To enable Amazon QuickSight access to an Amazon RDS DB instance in a VPC

  1. Sign in to the AWS Management Console and open the Amazon RDS console at https://console.aws.amazon.com/rds/.

  2. On the Instances page, select the instance to which you want to grant access, and then choose the details page icon, as shown following.

  3. Locate Port in the Cluster Database Properties section. Note the Port value.

  4. Locate VPC in the Security and Network section, and note the VPC value. Choose the VPC value to open the VPC console.

  5. On the Amazon VPC Management Console, choose Security Groups in the navigation pane.

  6. Choose Create Security Group.

  7. On the Create Security Group page, enter the security group information as follows:

    • For Name tag and Group name, type Amazon-QuickSight-access.

    • For Description, type Amazon-QuickSight-access.

    • For VPC, choose the VPC for your instance. This VPC is the one with the VPC ID that you noted.

  8. Choose Yes, Create.

  9. Your new security group should be displayed on the screen. Choose the security group, and then choose Inbound Rules from the tab list.

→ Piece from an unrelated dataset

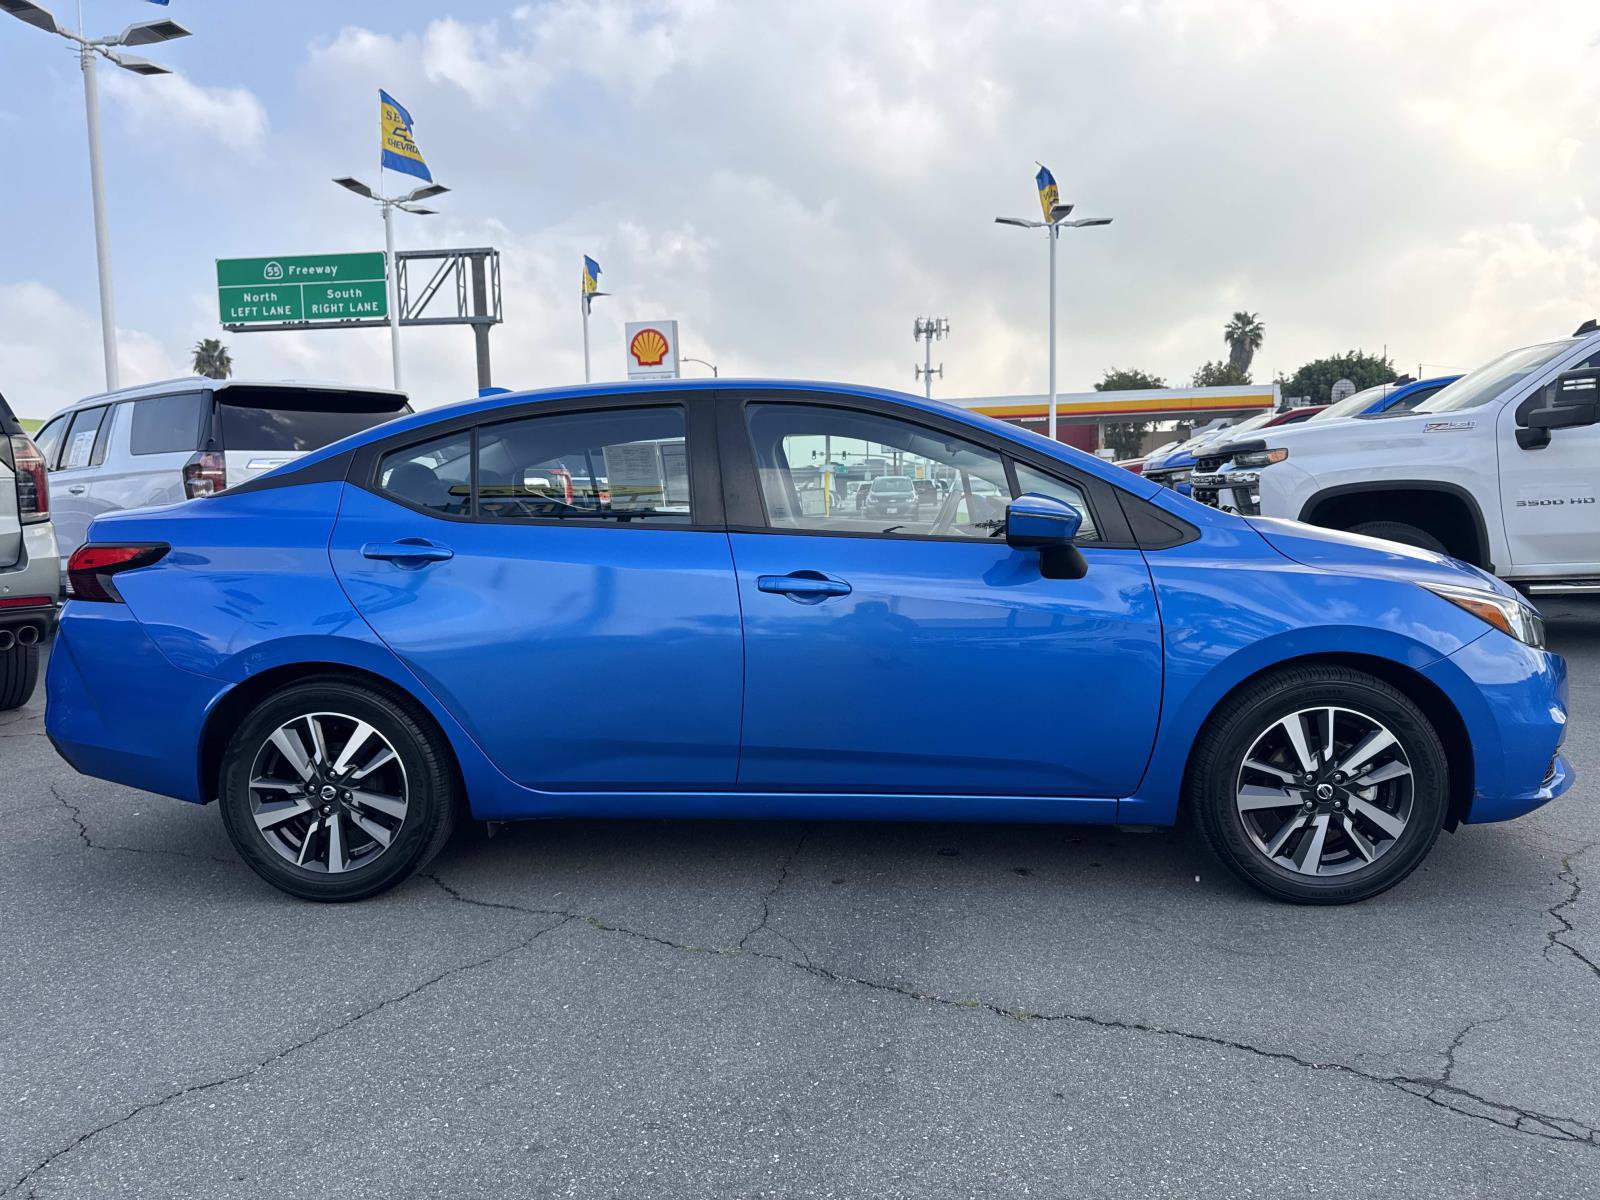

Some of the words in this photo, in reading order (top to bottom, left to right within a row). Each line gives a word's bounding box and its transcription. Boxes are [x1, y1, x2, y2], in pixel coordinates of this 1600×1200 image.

    Choose Edit to create a new rule. Use the following values:

    • For Type, choose Custom TCP Rule.

    • For Protocol, choose TCP (6).

    • For Port Range, type the port number of the Amazon RDS cluster to which you are providing access. This port number is the one that you noted in an earlier step.

    • For Source, type the CIDR address block for the region where you'll be using QuickSight. For example, here is the CIDR address block for EU (Ireland): 52.210.255.224/27. For more information on the IP address ranges for Amazon QuickSight in supported regions, see AWS Regions and IP Address Ranges.

      Note

      If you have activated Amazon QuickSight in multiple regions, you can create inbound rules for each Amazon QuickSight endpoint CIDR. Doing this allows Amazon QuickSight to have access to the Amazon RDS DB instance from any region defined in the inbound rules.

      An Amazon QuickSight user or administrator who uses Amazon QuickSight in multiple regions is treated as a single user. In other words, even if you are using Amazon QuickSight in every region, both your Amazon QuickSight account and your users are global.

  10. Choose Save to save your new inbound rule.

  11. Return to the Instances page of the Amazon RDS console.

    Choose the instance that you want to enable access to.

    Choose Instance Actions, and then choose Modify.

  12. In the Network & Security section, the currently assigned security group or groups are already chosen for Security Group. Press CTRL and choose Amazon-QuickSight-access in addition to the other selected groups.

  13. Choose Continue, and then choose Modify DB Instance.

Manually Enabling Access to an Amazon RDS Instance That Is Not in a VPC

Use the following procedure to access an Amazon RDS DB instance that is not in a VPC.

To access an Amazon RDS DB instance that is not in a VPC

  1. Sign in to the Amazon RDS console.

  2. Choose Security Groups in the navigation pane.

  3. Choose Create DB Security Group.

  4. Type Amazon-QuickSight-access for the Name and Description values, and then choose Create.

  5. The new security group is selected by default.

    Select the details icon next to the security group, as shown following.

  6. For Connection Type, choose CIDR/IP.

  7. For CIDR/IP to Authorize, type the appropriate CIDR address block. For more information on the IP address ranges for Amazon QuickSight in supported regions, see AWS Regions and IP Address Ranges.

  8. Choose Authorize.

  9. Return to the Instances page of the Amazon RDS Management Console, choose the instance that you want to enable access to, choose Instance Actions, and then choose Modify.

  10. In the Network & Security section, the currently assigned security group or groups already is chosen for Security Group. Press CTRL and choose Amazon-QuickSight-access in addition to the other selected groups.

  11. Choose Continue, and then choose Modify DB Instance.